[Task to complete] All lines after the one containing "this 2160×1620 image." are needed, along with that line itself. Please repeat them exactly through the end of the entries.

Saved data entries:
'''

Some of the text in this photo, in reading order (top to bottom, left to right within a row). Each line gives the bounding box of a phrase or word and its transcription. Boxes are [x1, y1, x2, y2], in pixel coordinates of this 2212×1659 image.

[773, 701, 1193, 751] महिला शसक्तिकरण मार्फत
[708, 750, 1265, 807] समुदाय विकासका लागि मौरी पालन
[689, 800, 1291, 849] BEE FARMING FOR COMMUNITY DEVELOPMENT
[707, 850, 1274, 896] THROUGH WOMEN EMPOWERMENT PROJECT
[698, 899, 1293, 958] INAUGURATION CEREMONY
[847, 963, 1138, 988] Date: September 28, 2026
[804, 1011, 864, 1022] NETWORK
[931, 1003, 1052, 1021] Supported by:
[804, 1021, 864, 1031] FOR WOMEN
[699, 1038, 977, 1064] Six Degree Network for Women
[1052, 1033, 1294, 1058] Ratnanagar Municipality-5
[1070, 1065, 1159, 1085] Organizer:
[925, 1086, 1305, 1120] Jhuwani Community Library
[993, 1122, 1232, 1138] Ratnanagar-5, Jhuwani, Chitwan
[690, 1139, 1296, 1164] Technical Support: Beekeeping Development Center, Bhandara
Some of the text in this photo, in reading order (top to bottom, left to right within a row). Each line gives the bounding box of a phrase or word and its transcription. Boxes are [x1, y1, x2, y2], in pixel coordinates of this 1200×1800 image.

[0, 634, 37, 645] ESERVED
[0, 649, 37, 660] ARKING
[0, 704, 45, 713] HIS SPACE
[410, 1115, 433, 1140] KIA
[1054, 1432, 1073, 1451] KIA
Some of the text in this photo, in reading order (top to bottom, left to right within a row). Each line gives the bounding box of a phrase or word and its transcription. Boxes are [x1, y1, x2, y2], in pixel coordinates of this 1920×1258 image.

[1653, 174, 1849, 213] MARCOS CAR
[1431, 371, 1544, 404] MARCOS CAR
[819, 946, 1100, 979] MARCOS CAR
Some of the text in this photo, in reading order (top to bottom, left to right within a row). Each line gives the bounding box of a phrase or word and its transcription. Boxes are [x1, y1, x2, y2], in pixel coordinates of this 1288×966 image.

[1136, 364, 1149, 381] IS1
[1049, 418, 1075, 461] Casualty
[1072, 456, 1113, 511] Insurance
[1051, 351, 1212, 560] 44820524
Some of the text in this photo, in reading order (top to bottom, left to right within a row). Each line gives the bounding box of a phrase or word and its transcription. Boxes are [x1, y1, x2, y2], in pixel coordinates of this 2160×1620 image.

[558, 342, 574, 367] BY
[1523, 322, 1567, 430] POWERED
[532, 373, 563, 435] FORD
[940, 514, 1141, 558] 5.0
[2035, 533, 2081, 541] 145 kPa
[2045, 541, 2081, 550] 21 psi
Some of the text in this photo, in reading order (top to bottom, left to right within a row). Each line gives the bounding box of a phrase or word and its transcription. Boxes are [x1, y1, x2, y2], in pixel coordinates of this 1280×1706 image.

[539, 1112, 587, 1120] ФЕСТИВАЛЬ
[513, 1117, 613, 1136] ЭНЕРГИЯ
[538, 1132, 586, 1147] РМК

'''

[Response]
Some of the text in this photo, in reading order (top to bottom, left to right within a row). Each line gives the bounding box of a phrase or word and its transcription. Boxes are [x1, y1, x2, y2], in pixel coordinates of this 2160×1620 image.

[558, 342, 574, 367] BY
[1523, 322, 1567, 430] POWERED
[532, 373, 563, 435] FORD
[940, 514, 1141, 558] 5.0
[2035, 533, 2081, 541] 145 kPa
[2045, 541, 2081, 550] 21 psi
Some of the text in this photo, in reading order (top to bottom, left to right within a row). Each line gives the bounding box of a phrase or word and its transcription. Boxes are [x1, y1, x2, y2], in pixel coordinates of this 1280×1706 image.

[539, 1112, 587, 1120] ФЕСТИВАЛЬ
[513, 1117, 613, 1136] ЭНЕРГИЯ
[538, 1132, 586, 1147] РМК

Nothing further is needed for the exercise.